Data extracted from a collection:

++++++++++++++++++++

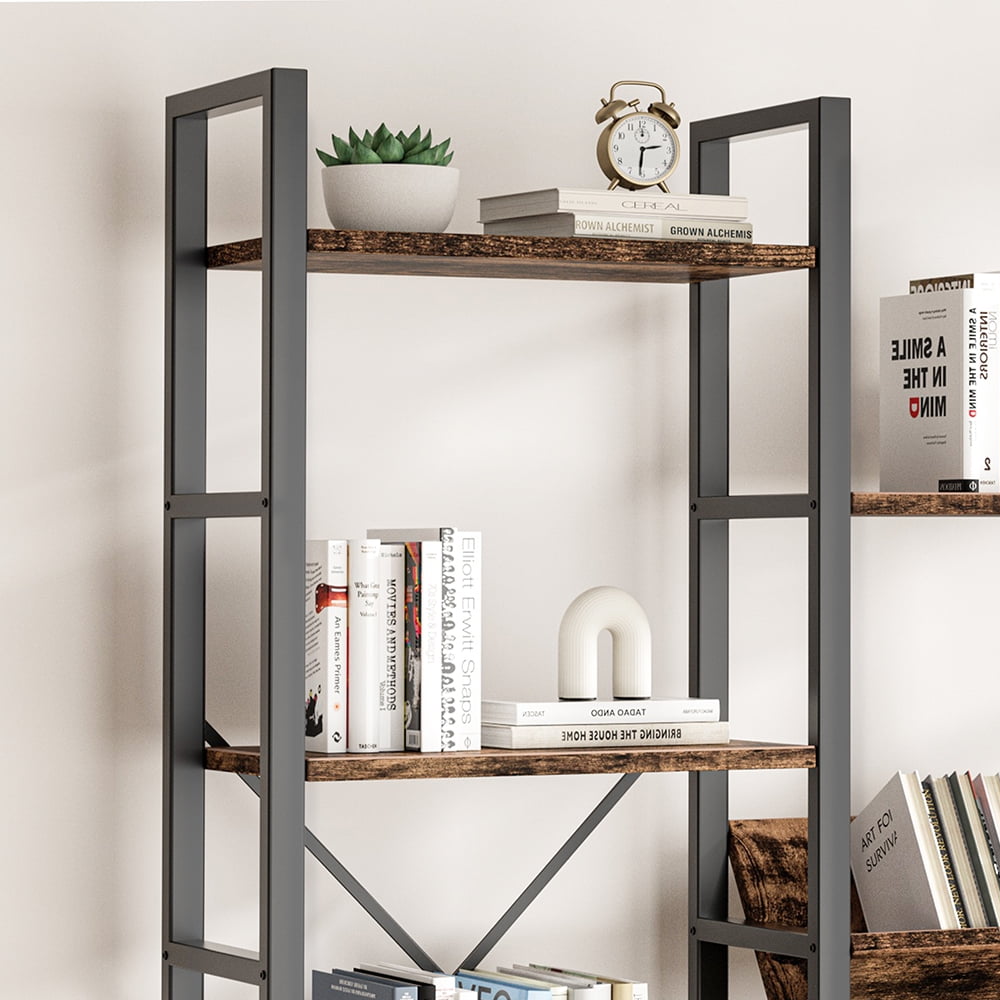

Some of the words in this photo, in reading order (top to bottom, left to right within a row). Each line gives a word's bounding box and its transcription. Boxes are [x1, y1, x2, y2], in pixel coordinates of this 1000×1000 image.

[618, 132, 626, 140] 10
[627, 123, 634, 131] 11
[638, 120, 647, 129] 12
[621, 200, 686, 211] CEREAL
[575, 220, 603, 232] ROWN
[605, 221, 655, 234] ALCHEMIST
[670, 226, 705, 238] GROWN
[707, 227, 752, 240] ALCHEMIS
[462, 537, 476, 590] Elliott
[386, 578, 398, 626] MOVIES
[334, 616, 342, 630] An
[462, 596, 476, 652] Erwitt
[334, 632, 342, 663] Eames
[386, 629, 397, 656] AND
[334, 664, 342, 694] Primer
[386, 657, 397, 712] METHODS
[459, 660, 476, 725] Snaps
[860, 827, 876, 851] ART
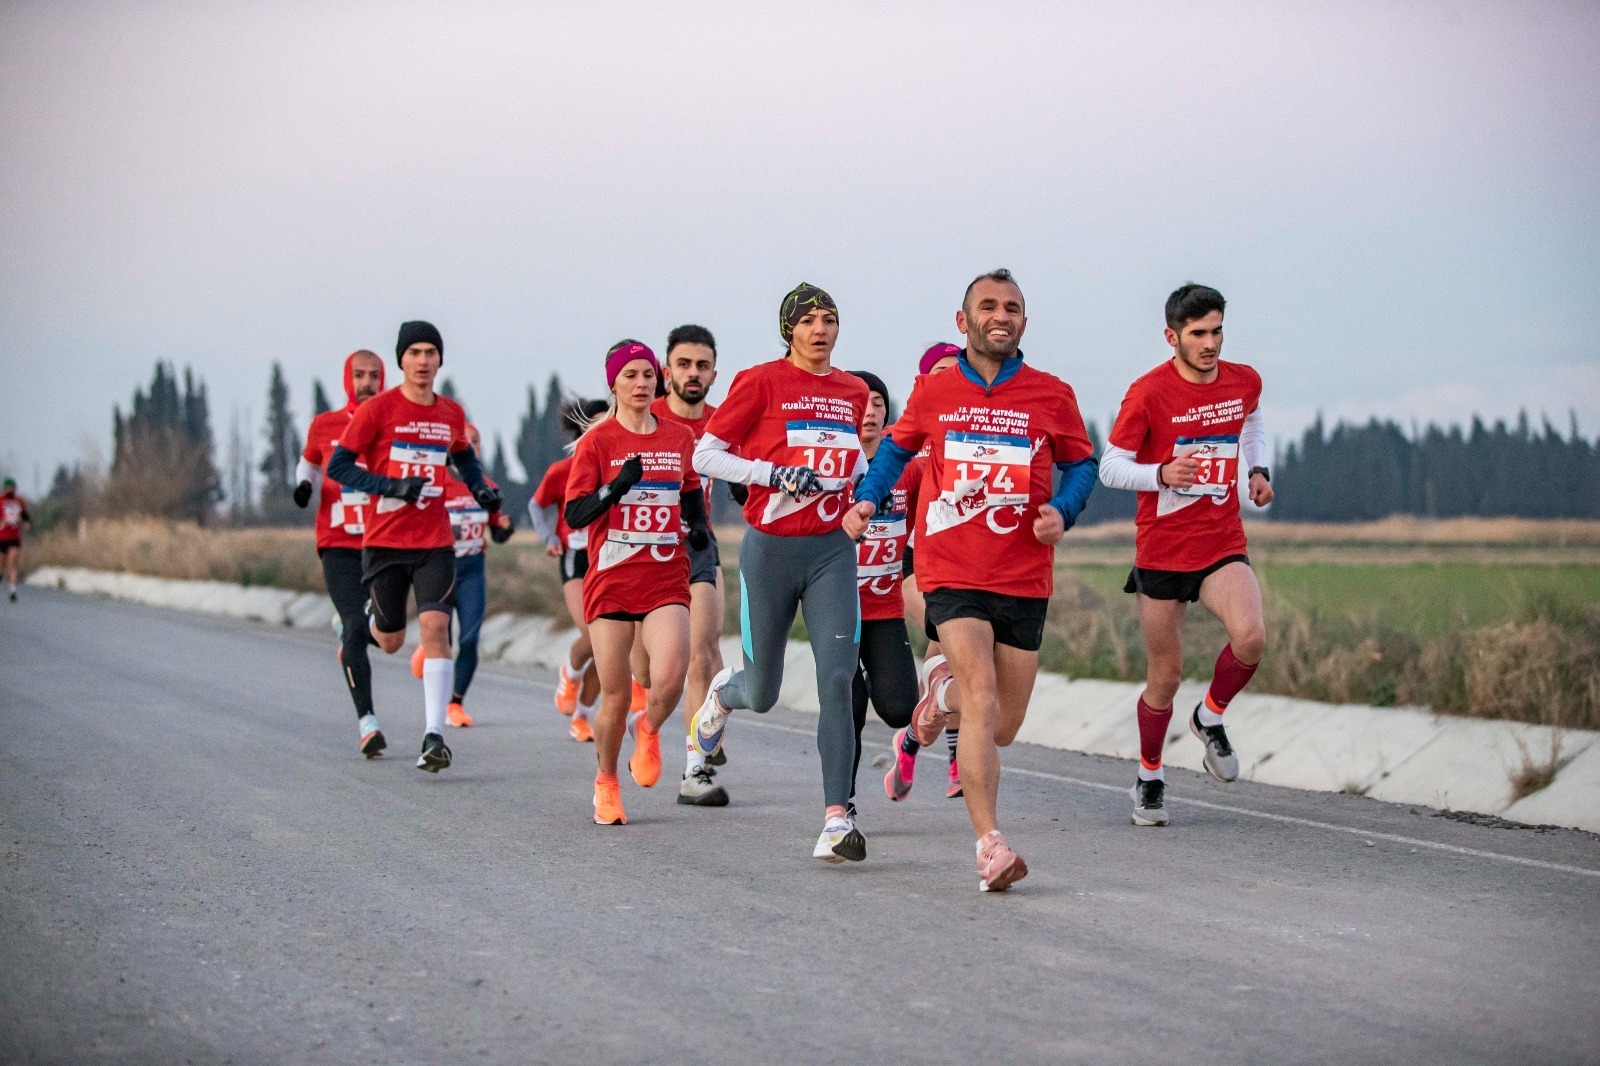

++++++++++++++++++++

### Exercise details:
Although the records contain pictures, only the text should be copied, exactly as it stands.

### Exercise result:
Some of the words in this photo, in reading order (top to bottom, left to right within a row). Each line gives a word's bounding box and its transcription. Boxes are [x1, y1, x2, y2], in pixel coordinates of this 1000×1000 image.

[618, 132, 626, 140] 10
[627, 123, 634, 131] 11
[638, 120, 647, 129] 12
[621, 200, 686, 211] CEREAL
[575, 220, 603, 232] ROWN
[605, 221, 655, 234] ALCHEMIST
[670, 226, 705, 238] GROWN
[707, 227, 752, 240] ALCHEMIS
[462, 537, 476, 590] Elliott
[386, 578, 398, 626] MOVIES
[334, 616, 342, 630] An
[462, 596, 476, 652] Erwitt
[334, 632, 342, 663] Eames
[386, 629, 397, 656] AND
[334, 664, 342, 694] Primer
[386, 657, 397, 712] METHODS
[459, 660, 476, 725] Snaps
[860, 827, 876, 851] ART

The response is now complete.